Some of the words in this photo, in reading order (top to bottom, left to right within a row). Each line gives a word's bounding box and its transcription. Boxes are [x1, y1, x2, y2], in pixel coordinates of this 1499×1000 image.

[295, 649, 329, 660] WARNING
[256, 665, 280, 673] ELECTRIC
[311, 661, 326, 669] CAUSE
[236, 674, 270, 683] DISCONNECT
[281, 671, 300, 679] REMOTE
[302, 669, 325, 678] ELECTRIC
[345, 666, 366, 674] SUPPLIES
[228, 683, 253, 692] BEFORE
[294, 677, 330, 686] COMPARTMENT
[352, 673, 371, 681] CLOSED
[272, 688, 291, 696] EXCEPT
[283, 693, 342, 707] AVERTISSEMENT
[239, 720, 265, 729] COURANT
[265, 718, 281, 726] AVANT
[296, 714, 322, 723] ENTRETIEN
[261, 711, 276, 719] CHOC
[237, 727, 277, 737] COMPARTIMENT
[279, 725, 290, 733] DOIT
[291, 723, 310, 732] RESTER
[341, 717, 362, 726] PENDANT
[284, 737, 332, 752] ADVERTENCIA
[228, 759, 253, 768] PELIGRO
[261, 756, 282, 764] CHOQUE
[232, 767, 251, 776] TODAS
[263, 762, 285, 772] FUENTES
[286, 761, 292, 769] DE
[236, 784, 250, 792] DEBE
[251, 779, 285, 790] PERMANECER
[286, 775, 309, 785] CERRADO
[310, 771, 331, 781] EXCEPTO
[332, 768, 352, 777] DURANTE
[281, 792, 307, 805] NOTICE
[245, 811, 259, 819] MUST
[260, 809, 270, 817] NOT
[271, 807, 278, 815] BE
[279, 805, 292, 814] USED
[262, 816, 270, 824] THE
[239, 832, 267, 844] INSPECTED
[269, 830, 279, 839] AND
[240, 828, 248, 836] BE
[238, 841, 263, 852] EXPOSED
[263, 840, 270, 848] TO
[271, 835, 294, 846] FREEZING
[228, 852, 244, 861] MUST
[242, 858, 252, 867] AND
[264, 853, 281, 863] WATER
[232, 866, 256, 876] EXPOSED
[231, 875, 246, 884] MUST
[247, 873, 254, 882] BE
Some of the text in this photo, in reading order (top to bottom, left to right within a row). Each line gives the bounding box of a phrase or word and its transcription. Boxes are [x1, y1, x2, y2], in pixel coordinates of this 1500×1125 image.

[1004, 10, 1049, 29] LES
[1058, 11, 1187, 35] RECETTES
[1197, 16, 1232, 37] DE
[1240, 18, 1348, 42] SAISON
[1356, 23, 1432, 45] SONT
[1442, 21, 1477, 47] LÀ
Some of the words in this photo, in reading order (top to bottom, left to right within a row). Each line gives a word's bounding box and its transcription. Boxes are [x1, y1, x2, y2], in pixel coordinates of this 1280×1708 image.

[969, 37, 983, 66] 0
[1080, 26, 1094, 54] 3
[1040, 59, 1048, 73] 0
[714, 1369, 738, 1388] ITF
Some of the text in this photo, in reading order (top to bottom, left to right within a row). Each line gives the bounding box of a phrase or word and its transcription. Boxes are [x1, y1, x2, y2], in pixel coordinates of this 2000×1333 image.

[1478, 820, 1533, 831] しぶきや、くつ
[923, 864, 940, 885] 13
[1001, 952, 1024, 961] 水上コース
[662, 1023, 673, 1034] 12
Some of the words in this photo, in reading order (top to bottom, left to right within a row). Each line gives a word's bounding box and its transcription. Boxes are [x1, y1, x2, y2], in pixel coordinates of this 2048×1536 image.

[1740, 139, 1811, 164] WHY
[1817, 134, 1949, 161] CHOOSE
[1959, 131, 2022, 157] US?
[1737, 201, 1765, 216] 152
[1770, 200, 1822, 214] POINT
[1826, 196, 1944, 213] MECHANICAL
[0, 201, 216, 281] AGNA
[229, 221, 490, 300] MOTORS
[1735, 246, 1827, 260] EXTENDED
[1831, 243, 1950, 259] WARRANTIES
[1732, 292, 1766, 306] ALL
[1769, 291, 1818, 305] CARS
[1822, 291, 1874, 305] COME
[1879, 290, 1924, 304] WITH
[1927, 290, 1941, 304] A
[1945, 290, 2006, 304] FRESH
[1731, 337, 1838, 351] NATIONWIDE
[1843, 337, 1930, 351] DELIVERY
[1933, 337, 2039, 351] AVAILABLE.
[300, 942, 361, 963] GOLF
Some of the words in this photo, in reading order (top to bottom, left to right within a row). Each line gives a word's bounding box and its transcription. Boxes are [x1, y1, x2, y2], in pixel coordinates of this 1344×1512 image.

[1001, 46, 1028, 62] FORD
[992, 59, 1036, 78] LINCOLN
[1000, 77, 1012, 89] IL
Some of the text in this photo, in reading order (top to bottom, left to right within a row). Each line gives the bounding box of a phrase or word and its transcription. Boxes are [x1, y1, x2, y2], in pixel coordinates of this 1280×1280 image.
#####
▶ [ACTION ITEM]:
Set out the records again, exactly as they appear above.

▶ [RESULT OF THE EXERCISE]:
Some of the words in this photo, in reading order (top to bottom, left to right within a row). Each line gives a word's bounding box and its transcription. Boxes are [x1, y1, x2, y2], in pixel coordinates of this 1499×1000 image.

[295, 649, 329, 660] WARNING
[256, 665, 280, 673] ELECTRIC
[311, 661, 326, 669] CAUSE
[236, 674, 270, 683] DISCONNECT
[281, 671, 300, 679] REMOTE
[302, 669, 325, 678] ELECTRIC
[345, 666, 366, 674] SUPPLIES
[228, 683, 253, 692] BEFORE
[294, 677, 330, 686] COMPARTMENT
[352, 673, 371, 681] CLOSED
[272, 688, 291, 696] EXCEPT
[283, 693, 342, 707] AVERTISSEMENT
[239, 720, 265, 729] COURANT
[265, 718, 281, 726] AVANT
[296, 714, 322, 723] ENTRETIEN
[261, 711, 276, 719] CHOC
[237, 727, 277, 737] COMPARTIMENT
[279, 725, 290, 733] DOIT
[291, 723, 310, 732] RESTER
[341, 717, 362, 726] PENDANT
[284, 737, 332, 752] ADVERTENCIA
[228, 759, 253, 768] PELIGRO
[261, 756, 282, 764] CHOQUE
[232, 767, 251, 776] TODAS
[263, 762, 285, 772] FUENTES
[286, 761, 292, 769] DE
[236, 784, 250, 792] DEBE
[251, 779, 285, 790] PERMANECER
[286, 775, 309, 785] CERRADO
[310, 771, 331, 781] EXCEPTO
[332, 768, 352, 777] DURANTE
[281, 792, 307, 805] NOTICE
[245, 811, 259, 819] MUST
[260, 809, 270, 817] NOT
[271, 807, 278, 815] BE
[279, 805, 292, 814] USED
[262, 816, 270, 824] THE
[239, 832, 267, 844] INSPECTED
[269, 830, 279, 839] AND
[240, 828, 248, 836] BE
[238, 841, 263, 852] EXPOSED
[263, 840, 270, 848] TO
[271, 835, 294, 846] FREEZING
[228, 852, 244, 861] MUST
[242, 858, 252, 867] AND
[264, 853, 281, 863] WATER
[232, 866, 256, 876] EXPOSED
[231, 875, 246, 884] MUST
[247, 873, 254, 882] BE
Some of the text in this photo, in reading order (top to bottom, left to right within a row). Each line gives the bounding box of a phrase or word and its transcription. Boxes are [x1, y1, x2, y2], in pixel coordinates of this 1500×1125 image.

[1004, 10, 1049, 29] LES
[1058, 11, 1187, 35] RECETTES
[1197, 16, 1232, 37] DE
[1240, 18, 1348, 42] SAISON
[1356, 23, 1432, 45] SONT
[1442, 21, 1477, 47] LÀ
Some of the words in this photo, in reading order (top to bottom, left to right within a row). Each line gives a word's bounding box and its transcription. Boxes are [x1, y1, x2, y2], in pixel coordinates of this 1280×1708 image.

[969, 37, 983, 66] 0
[1080, 26, 1094, 54] 3
[1040, 59, 1048, 73] 0
[714, 1369, 738, 1388] ITF
Some of the text in this photo, in reading order (top to bottom, left to right within a row). Each line gives the bounding box of a phrase or word and its transcription. Boxes are [x1, y1, x2, y2], in pixel coordinates of this 2000×1333 image.

[1478, 820, 1533, 831] しぶきや、くつ
[923, 864, 940, 885] 13
[1001, 952, 1024, 961] 水上コース
[662, 1023, 673, 1034] 12
Some of the words in this photo, in reading order (top to bottom, left to right within a row). Each line gives a word's bounding box and its transcription. Boxes are [x1, y1, x2, y2], in pixel coordinates of this 2048×1536 image.

[1740, 139, 1811, 164] WHY
[1817, 134, 1949, 161] CHOOSE
[1959, 131, 2022, 157] US?
[1737, 201, 1765, 216] 152
[1770, 200, 1822, 214] POINT
[1826, 196, 1944, 213] MECHANICAL
[0, 201, 216, 281] AGNA
[229, 221, 490, 300] MOTORS
[1735, 246, 1827, 260] EXTENDED
[1831, 243, 1950, 259] WARRANTIES
[1732, 292, 1766, 306] ALL
[1769, 291, 1818, 305] CARS
[1822, 291, 1874, 305] COME
[1879, 290, 1924, 304] WITH
[1927, 290, 1941, 304] A
[1945, 290, 2006, 304] FRESH
[1731, 337, 1838, 351] NATIONWIDE
[1843, 337, 1930, 351] DELIVERY
[1933, 337, 2039, 351] AVAILABLE.
[300, 942, 361, 963] GOLF
Some of the words in this photo, in reading order (top to bottom, left to right within a row). Each line gives a word's bounding box and its transcription. Boxes are [x1, y1, x2, y2], in pixel coordinates of this 1344×1512 image.

[1001, 46, 1028, 62] FORD
[992, 59, 1036, 78] LINCOLN
[1000, 77, 1012, 89] IL
Some of the text in this photo, in reading order (top to bottom, left to right within a row). Each line gives the bounding box of a phrase or word and its transcription. Boxes are [x1, y1, x2, y2], in pixel coordinates of this 1280×1280 image.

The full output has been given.